▸ **Action item**
Your copy should match the entries exactly, with the pictures left out.

[Data Boundary: Start]

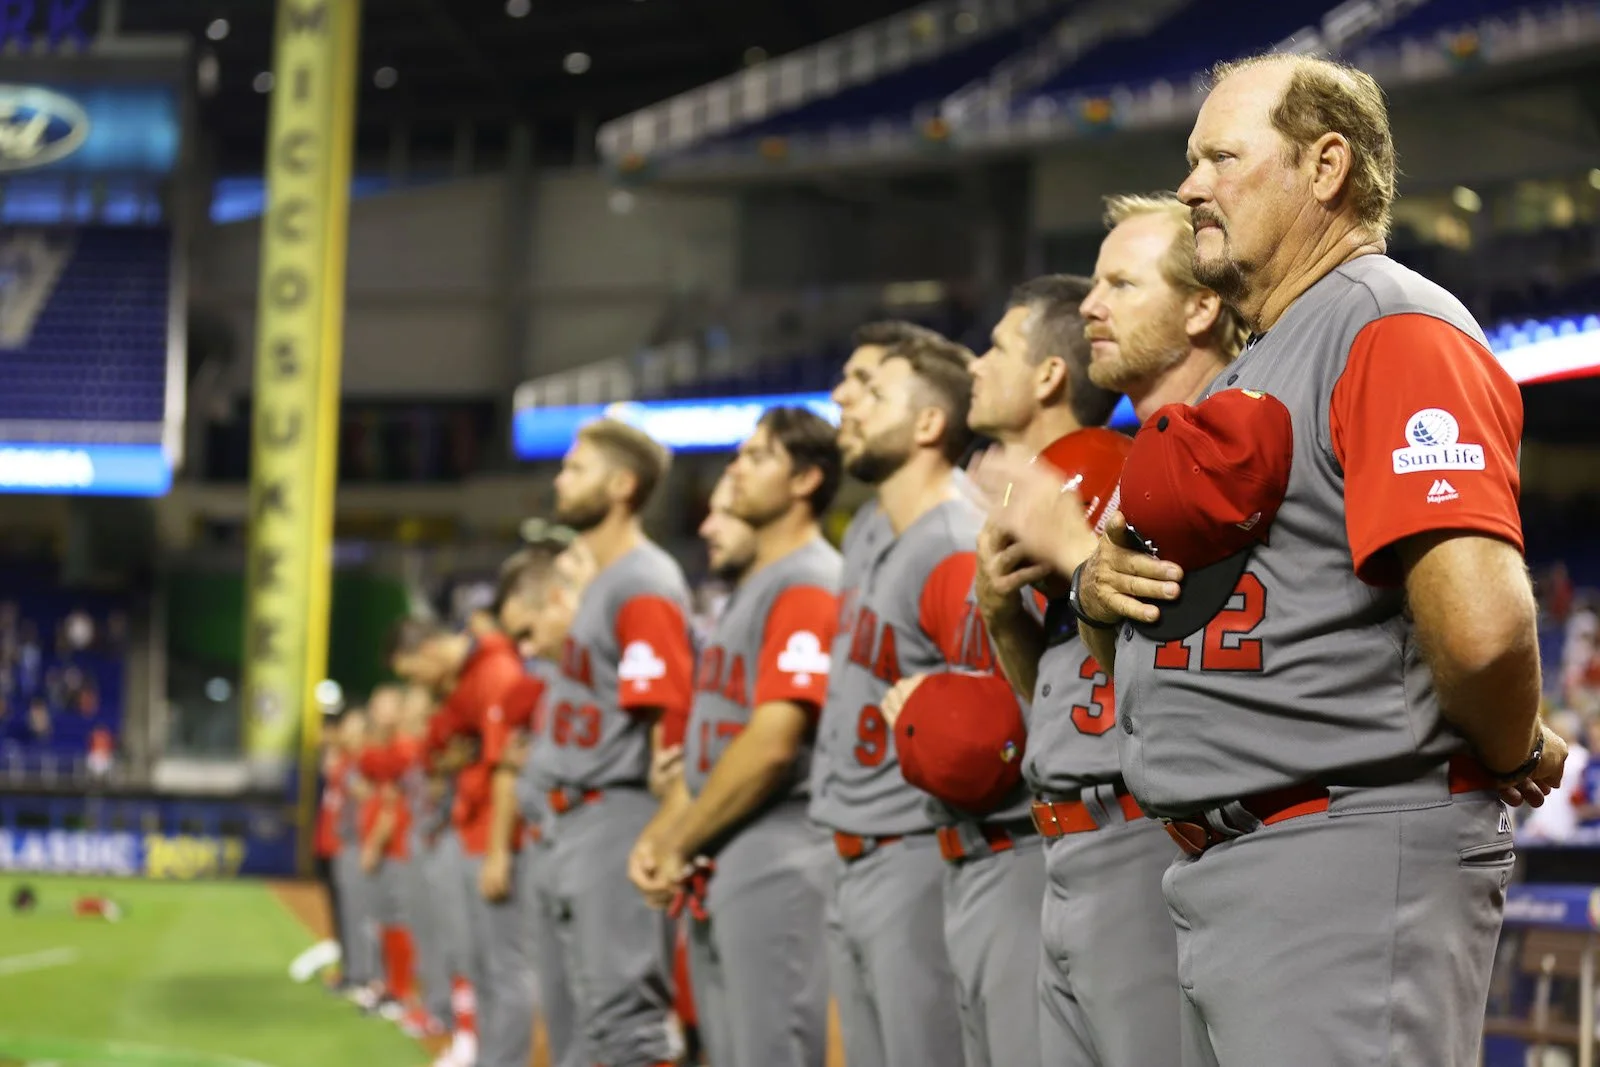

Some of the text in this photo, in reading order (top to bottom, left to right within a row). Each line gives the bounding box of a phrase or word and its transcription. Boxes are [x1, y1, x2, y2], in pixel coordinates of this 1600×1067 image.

[1398, 449, 1479, 468] Sun Life
[554, 700, 602, 750] 63
[854, 704, 888, 767] 9
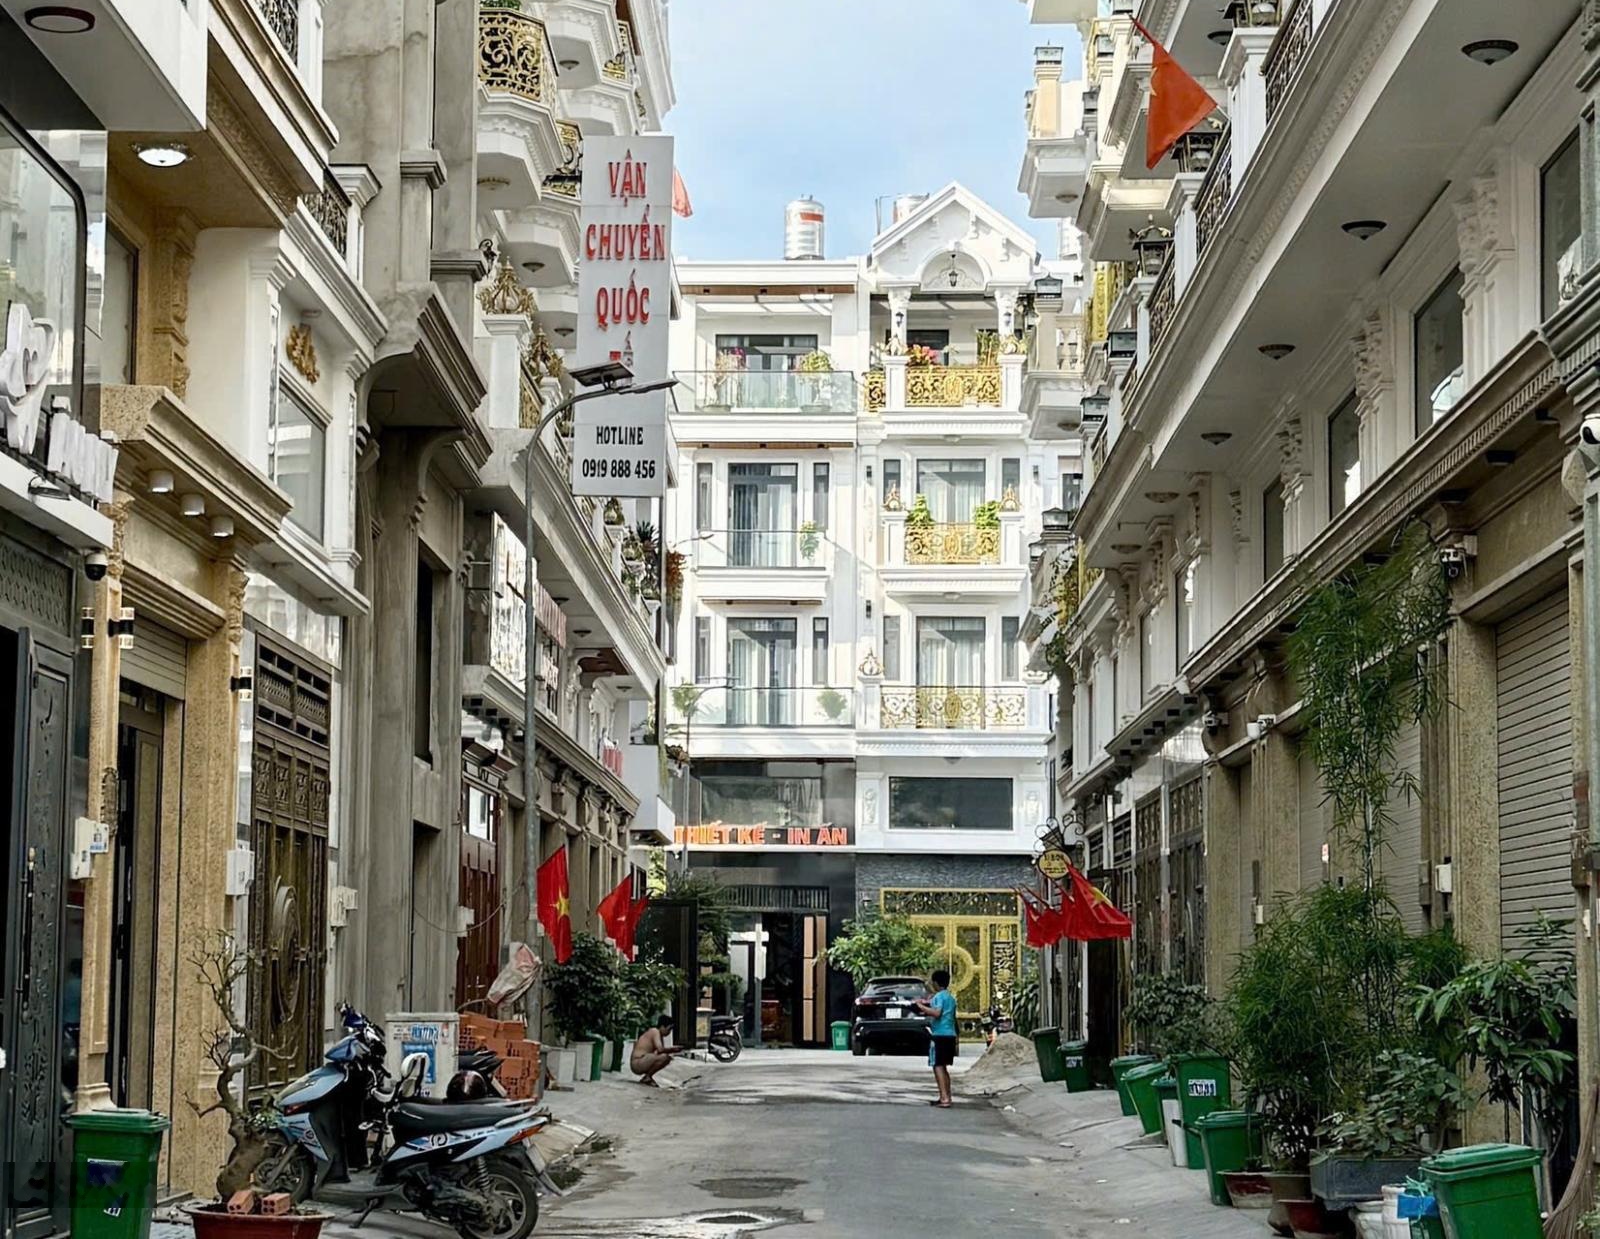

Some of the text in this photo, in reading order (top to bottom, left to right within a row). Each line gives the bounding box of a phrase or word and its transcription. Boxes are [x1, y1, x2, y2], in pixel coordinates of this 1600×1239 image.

[Data Boundary: End]

▸ **Response**
Some of the text in this photo, in reading order (top to bottom, left to right within a row). Each line gives the bounding box of a phrase or word and its transcription. Boxes are [x1, y1, x2, y2], in pixel coordinates of this 1600×1067 image.

[1398, 449, 1479, 468] Sun Life
[554, 700, 602, 750] 63
[854, 704, 888, 767] 9

Some of the text in this photo, in reading order (top to bottom, left to right within a row). Each line gives the bounding box of a phrase or word and its transcription. Boxes are [x1, y1, x2, y2], in pixel coordinates of this 1600×1239 image.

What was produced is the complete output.